To take samples he “fires” the needle gun, which sends a slender needle very quickly through the wall of my rectum into the prostate and just as quickly withdraws a tiny “core” sample. Each sample was about half an inch long and the diameter of a standard mechanical pencil lead. It was not nearly as uncomfortable as it sounds. He counted down, “three, two, one,” before firing the gun each time. Then there was a loud click, and I felt a momentary “poke-and-suction” sensation, over as quick as it started. Seventeen times.
Each time he called out the location that had been sampled, handing the core over to one of the assistants who labels it and prepares it to go off to pathology. Altogether the procedure itself only took about 15 minutes but it unlocked a whole new level of wide-awake vulnerability at the hands of my medical team. Afterwards the cores were sent off to a pathologist for careful analysis I went home and packed so I could drive to Indiana on Saturday.
The time in Indiana with my dad and sisters kept me focused on his needs, challenges, and recovery, as well as building support with my sisters to plan for his ongoing care and return home. Of course, those pending biopsy results were in the back of my mind the whole time, but the front of my mind was well-occupied—at least until Tuesday night.
That’s when the pathology report appeared on MyChart. With cancer written all over it. Well, just on the left side, but all over the left side. Wednesday morning I headed back to Minnesota and that evening I had another quiet sobering moment with Margaret, once again, not understanding everything we knew, but knowing that we knew enough to know my life—our life—was about to change.
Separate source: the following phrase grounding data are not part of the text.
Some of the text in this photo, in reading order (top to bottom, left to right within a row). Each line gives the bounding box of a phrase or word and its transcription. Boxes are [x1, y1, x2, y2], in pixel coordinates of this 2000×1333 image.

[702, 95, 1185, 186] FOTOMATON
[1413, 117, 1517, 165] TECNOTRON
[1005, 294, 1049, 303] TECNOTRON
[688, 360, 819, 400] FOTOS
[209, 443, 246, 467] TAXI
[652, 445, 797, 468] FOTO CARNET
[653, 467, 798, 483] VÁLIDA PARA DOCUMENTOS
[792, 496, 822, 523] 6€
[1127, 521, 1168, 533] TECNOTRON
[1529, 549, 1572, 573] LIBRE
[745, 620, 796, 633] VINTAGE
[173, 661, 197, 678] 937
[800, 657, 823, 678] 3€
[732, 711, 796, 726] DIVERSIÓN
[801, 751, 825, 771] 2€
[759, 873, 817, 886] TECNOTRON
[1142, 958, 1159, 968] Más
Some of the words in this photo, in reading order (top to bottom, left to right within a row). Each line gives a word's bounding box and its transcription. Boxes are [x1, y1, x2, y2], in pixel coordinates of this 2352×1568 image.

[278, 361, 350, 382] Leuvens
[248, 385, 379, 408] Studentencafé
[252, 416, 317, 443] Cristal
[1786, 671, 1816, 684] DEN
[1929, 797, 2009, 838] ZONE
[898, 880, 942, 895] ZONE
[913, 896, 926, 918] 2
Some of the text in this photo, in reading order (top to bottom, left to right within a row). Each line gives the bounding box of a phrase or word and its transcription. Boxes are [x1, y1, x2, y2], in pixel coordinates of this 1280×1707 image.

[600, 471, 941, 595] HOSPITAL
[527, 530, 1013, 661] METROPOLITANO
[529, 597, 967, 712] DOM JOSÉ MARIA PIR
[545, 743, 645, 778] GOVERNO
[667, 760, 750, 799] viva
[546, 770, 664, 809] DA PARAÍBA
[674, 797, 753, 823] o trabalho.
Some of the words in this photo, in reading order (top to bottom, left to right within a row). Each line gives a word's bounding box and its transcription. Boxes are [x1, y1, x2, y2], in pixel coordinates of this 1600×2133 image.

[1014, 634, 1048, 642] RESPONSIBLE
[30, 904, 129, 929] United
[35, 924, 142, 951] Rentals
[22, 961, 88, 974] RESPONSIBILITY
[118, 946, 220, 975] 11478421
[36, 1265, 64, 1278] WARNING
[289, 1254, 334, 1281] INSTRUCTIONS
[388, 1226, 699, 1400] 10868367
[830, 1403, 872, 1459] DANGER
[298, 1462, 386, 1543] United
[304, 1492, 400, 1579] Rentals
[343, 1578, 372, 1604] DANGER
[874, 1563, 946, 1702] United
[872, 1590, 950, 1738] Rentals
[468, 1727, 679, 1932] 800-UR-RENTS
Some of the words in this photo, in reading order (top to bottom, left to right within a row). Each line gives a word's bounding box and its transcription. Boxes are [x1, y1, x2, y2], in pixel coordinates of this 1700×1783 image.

We made love before going to bed, not out of desperation or fear, but with tender fierce intimacy. We were still on edge, but lovemaking is its own liminal moment, and whatever was coming our way, we were going to meet it with all the strength of our love. “Undaunted” would be a foolish word to employ in the face of so much uncertainty. Determined says it better. We fell asleep that night determined.
On Thursday morning, January 16, we had a virtual consultation with my urologist to review the pathology report. This is where “pervasive and aggressive” come into play.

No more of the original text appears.